Run the actantial extraction pipeline over a DataFrame of texts.

Iterates over each row, renders the prompt template, calls the backend, parses the JSON output, and writes per-text result files to disk. Supports resuming an interrupted run by skipping texts that already have a saved result. Logs all activity to a timestamped log file under output_dir/logs/.

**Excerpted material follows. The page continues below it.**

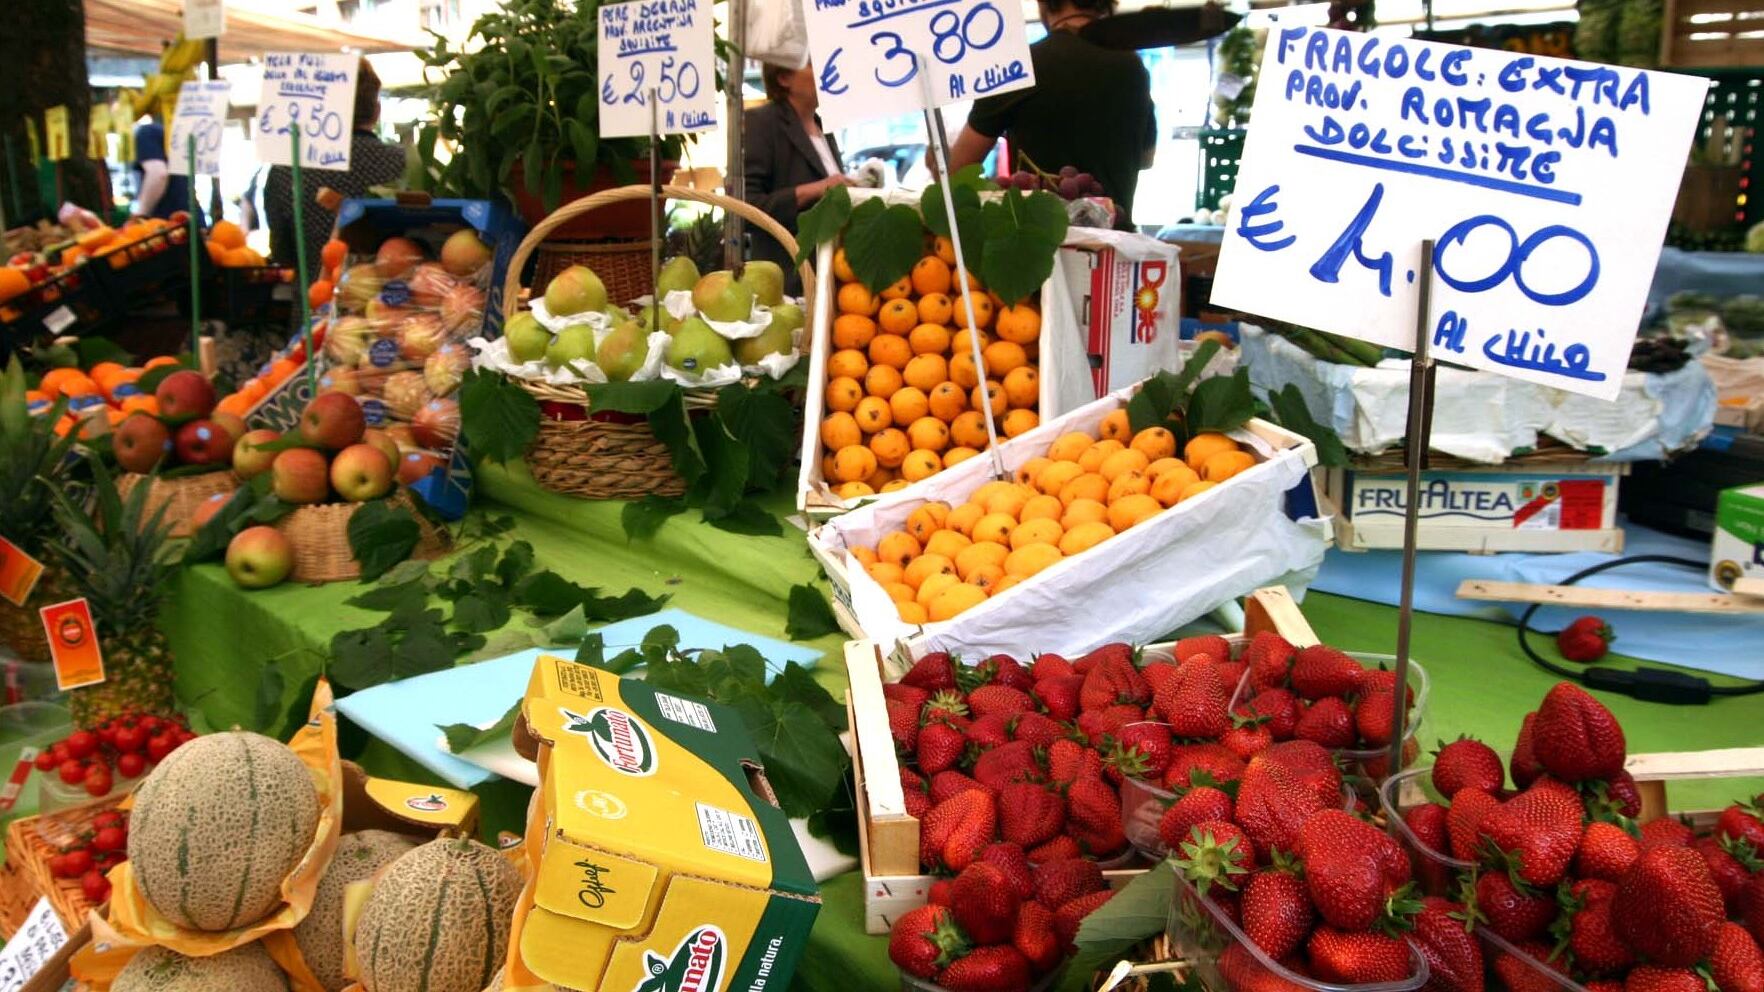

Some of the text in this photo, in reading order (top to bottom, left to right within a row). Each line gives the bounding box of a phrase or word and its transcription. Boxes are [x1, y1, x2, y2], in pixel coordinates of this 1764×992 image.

Results are saved under output_dir/actantial_models/{model_name}/{template}/{timestamp}/, with one JSON file per text ID and one file containing the full raw backend response.

Parameters:

Name Type Description Default
data DataFrame

DataFrame with at least id and text columns.

required
backend LLMBackend

An initialised LLMBackend instance.

required
output_dir Path

Root directory for saving results and logs.

required
template str

Name of the prompt template to use. Must exist in templates_dir/{backend.model_name}/ or fall back to templates_dir/default/.

required
templates_dir Path

Root directory containing per-model template subdirectories and the shared default/ directory. Defaults to the built-in templates/ folder.

parent / 'templates'
actor_labels Optional[list]

List of actor labels for closed-set annotation. Only used if the template supports actor_labels.

None
object_labels Optional[list]

List of object labels for closed-set annotation. Only used if the template supports object_labels.

None
resume_timestamp Optional[str]

Timestamp of a previous run to resume, in YYYYMMDD_HHMMSS format. Texts already processed in that run are skipped. The model and template must match the original run.

None
template_columns Optional[list[str]]

Column names from data to pass as additional template variables. Each name maps directly to a Jinja2 variable of the same name (e.g. "parent_post"{{ parent_post }}). Columns must be string dtype; cast with data[col].astype(str) before calling if needed.

None